▸ Problem requirements: Nothing may be left out of the listing below but its images; repeat the rest exactly.

Segment Start: Data for the task

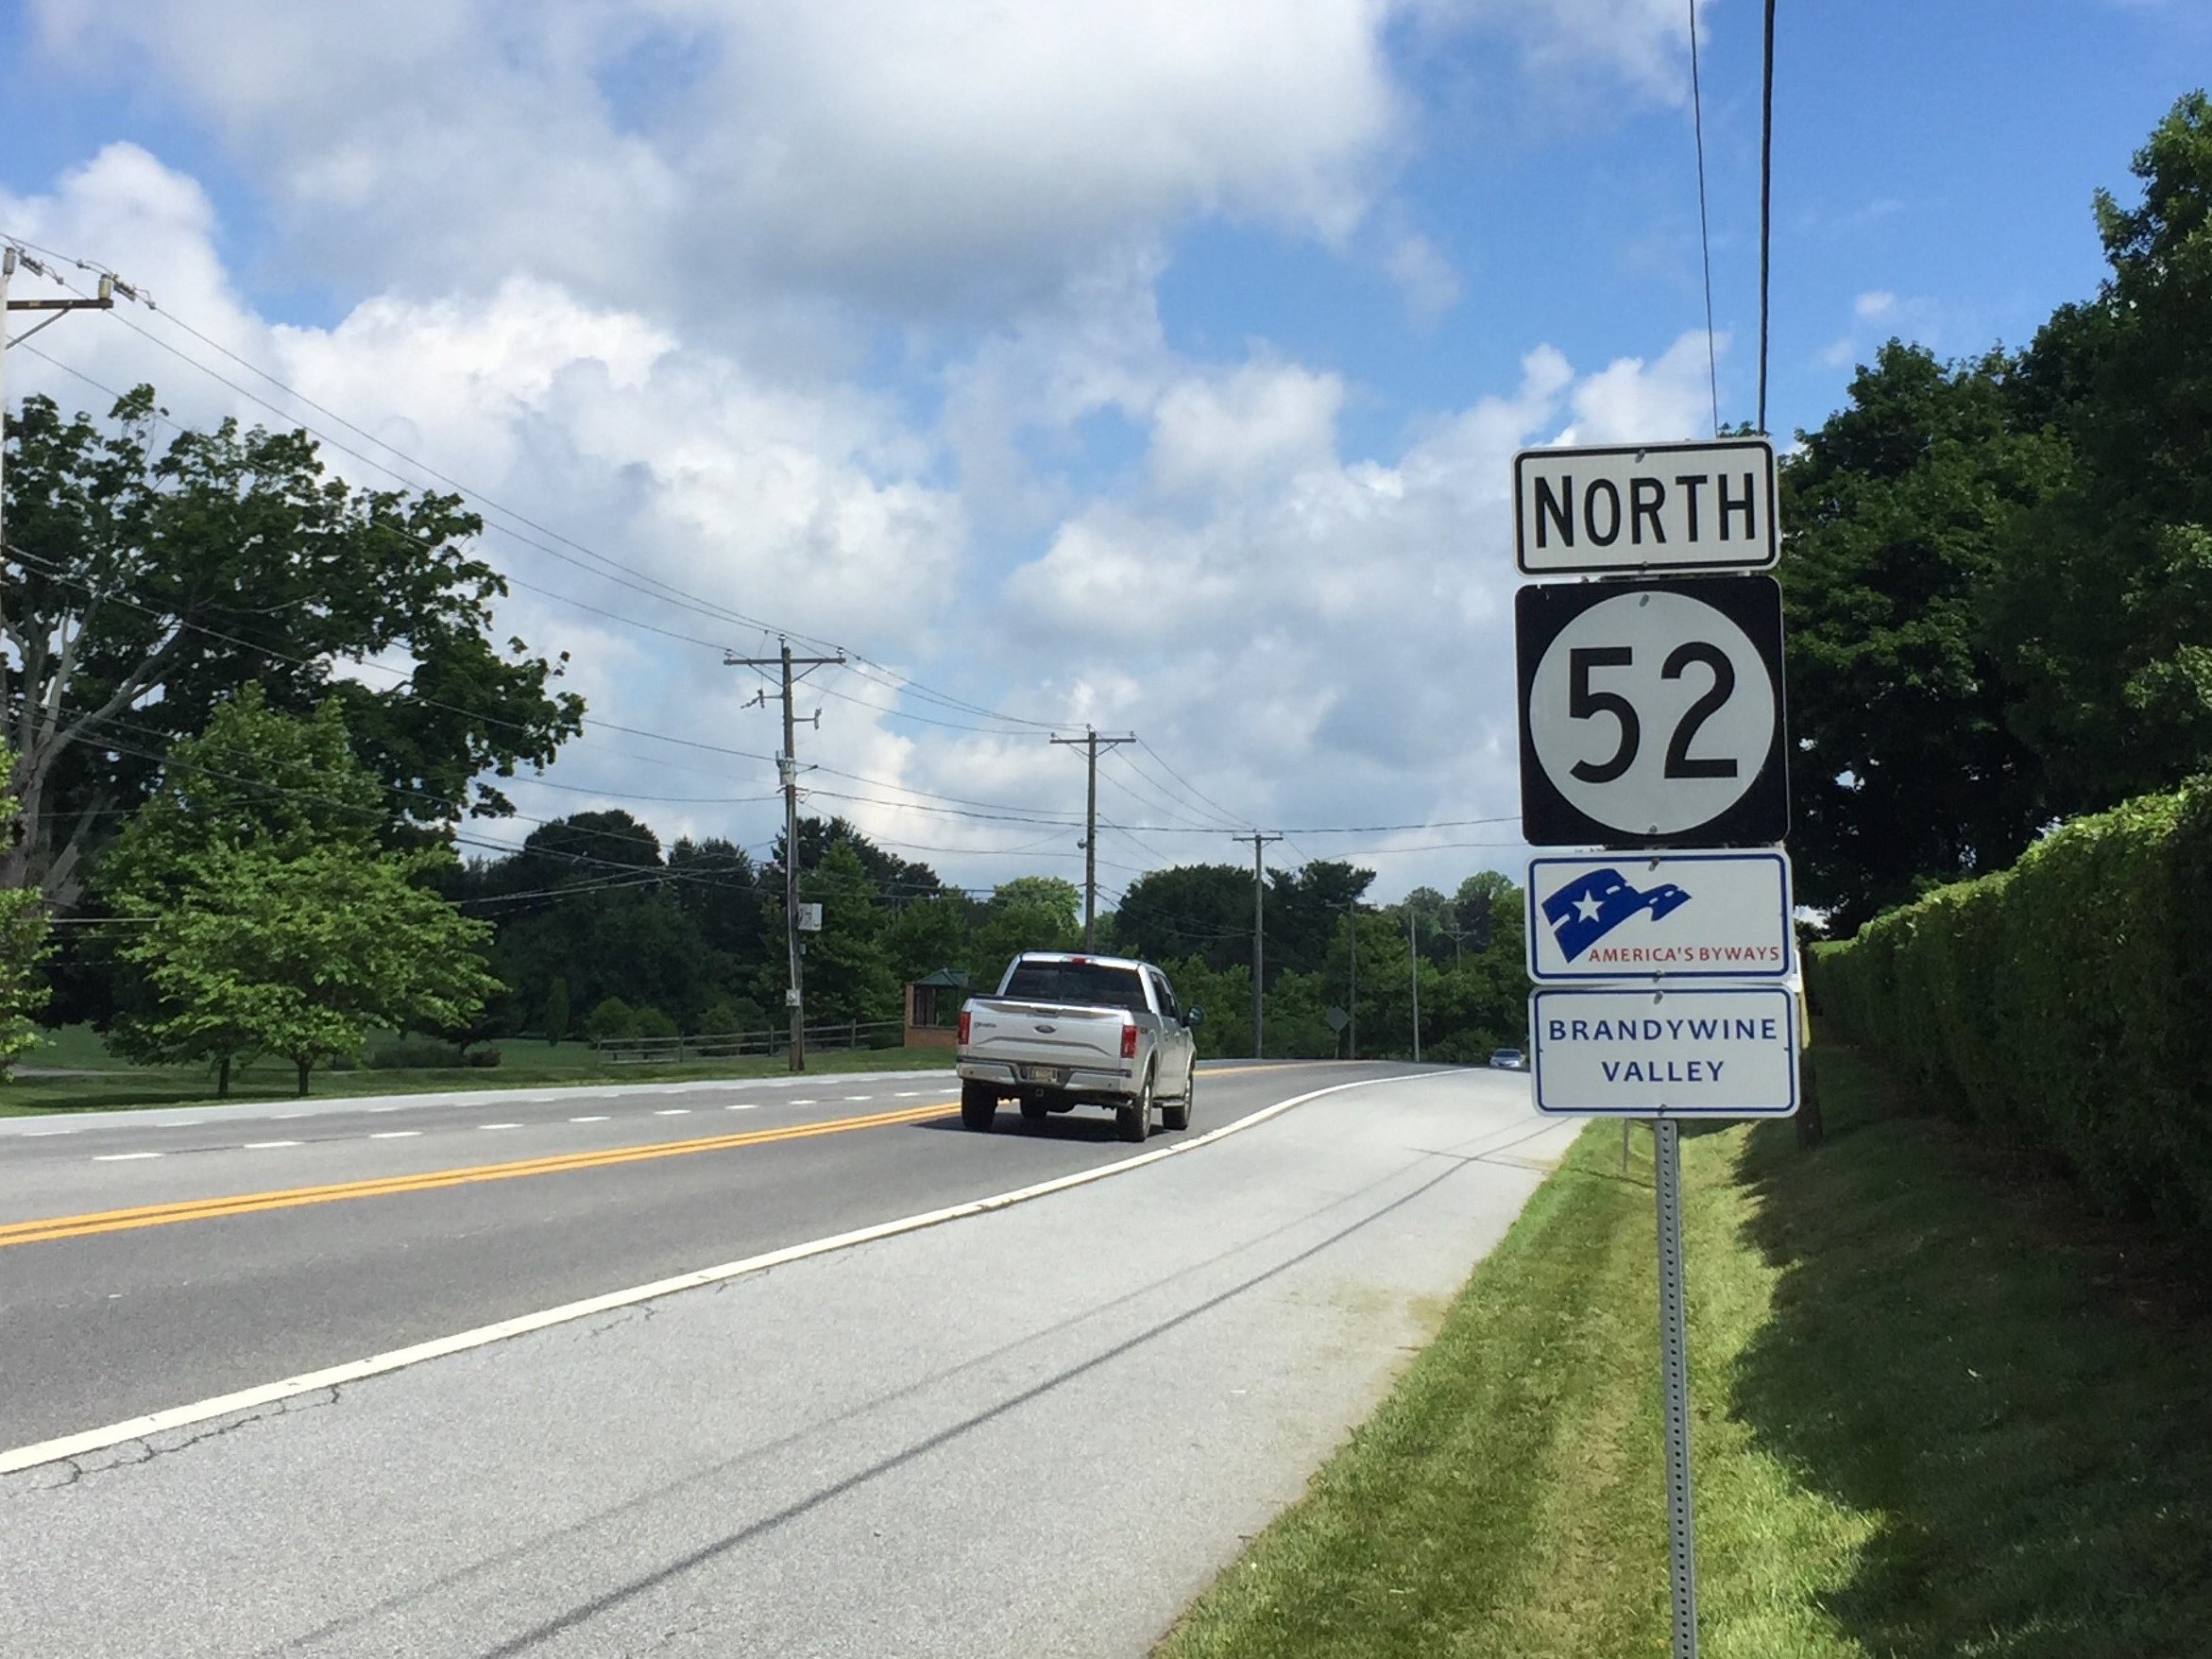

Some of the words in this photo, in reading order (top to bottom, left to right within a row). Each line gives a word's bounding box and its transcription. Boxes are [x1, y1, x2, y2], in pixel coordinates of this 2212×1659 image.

[1535, 473, 1755, 548] NORTH
[1569, 641, 1738, 783] 52
[1589, 947, 1693, 962] AMERICA'S
[1700, 947, 1779, 961] BYWAYS
[1549, 1019, 1777, 1040] BRANDYWINE
[1602, 1061, 1725, 1082] VALLEY

Segment End: Data for the task

▸ Exercise answer:
Some of the words in this photo, in reading order (top to bottom, left to right within a row). Each line gives a word's bounding box and its transcription. Boxes are [x1, y1, x2, y2], in pixel coordinates of this 2212×1659 image.

[1535, 473, 1755, 548] NORTH
[1569, 641, 1738, 783] 52
[1589, 947, 1693, 962] AMERICA'S
[1700, 947, 1779, 961] BYWAYS
[1549, 1019, 1777, 1040] BRANDYWINE
[1602, 1061, 1725, 1082] VALLEY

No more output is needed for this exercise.